TASK ITEM:
Write the full listing out again, word for word, but omit the pictures.

EXERCISE DATA:
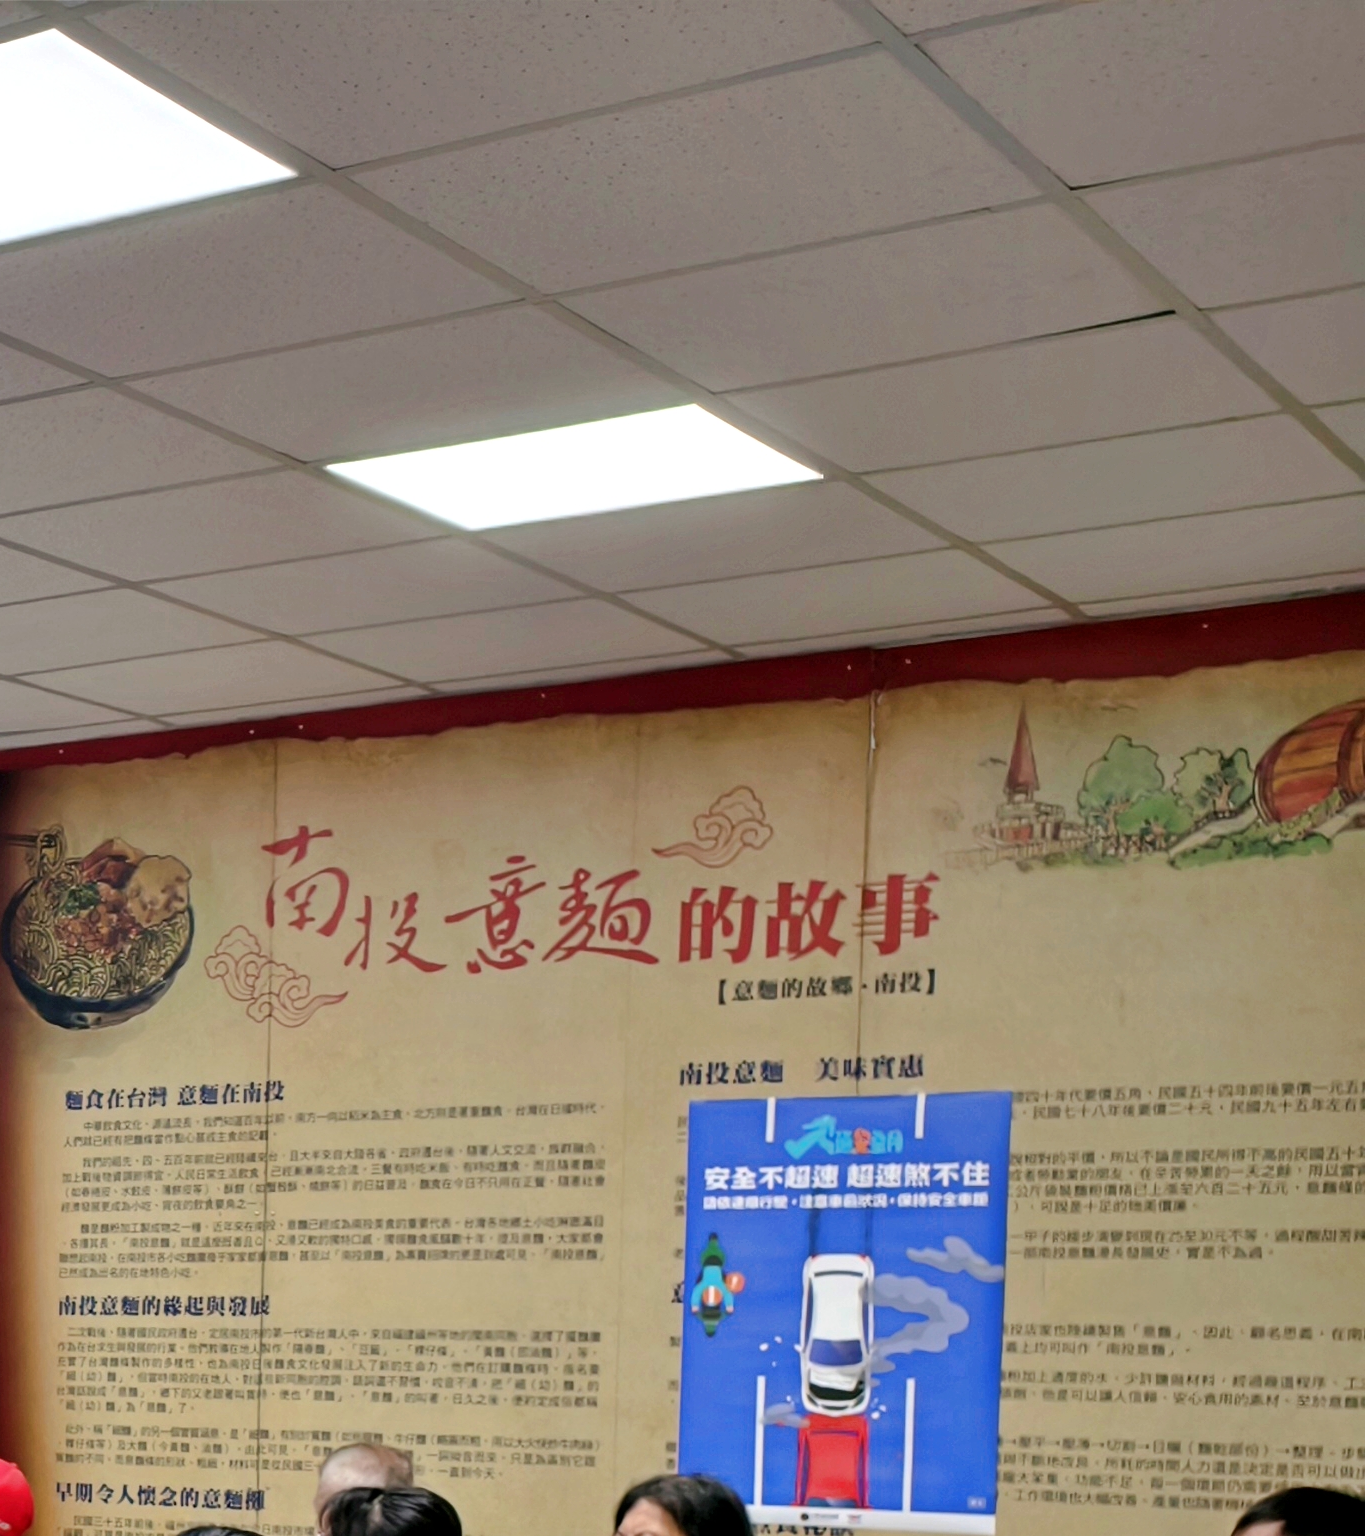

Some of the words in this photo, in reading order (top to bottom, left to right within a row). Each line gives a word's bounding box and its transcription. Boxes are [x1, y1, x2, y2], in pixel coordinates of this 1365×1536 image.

[259, 825, 942, 974] 南投意麵的故事
[678, 1059, 784, 1086] 南投意麵
[816, 1053, 924, 1082] 美味實惠
[64, 1086, 167, 1111] 麵食在台灣
[176, 1080, 286, 1107] 意麵在南投
[704, 1164, 839, 1190] 安全不超速
[846, 1161, 990, 1188] 超速煞不住

RESULT OF THE TASK:
Some of the words in this photo, in reading order (top to bottom, left to right within a row). Each line gives a word's bounding box and its transcription. Boxes are [x1, y1, x2, y2], in pixel coordinates of this 1365×1536 image.

[259, 825, 942, 974] 南投意麵的故事
[678, 1059, 784, 1086] 南投意麵
[816, 1053, 924, 1082] 美味實惠
[64, 1086, 167, 1111] 麵食在台灣
[176, 1080, 286, 1107] 意麵在南投
[704, 1164, 839, 1190] 安全不超速
[846, 1161, 990, 1188] 超速煞不住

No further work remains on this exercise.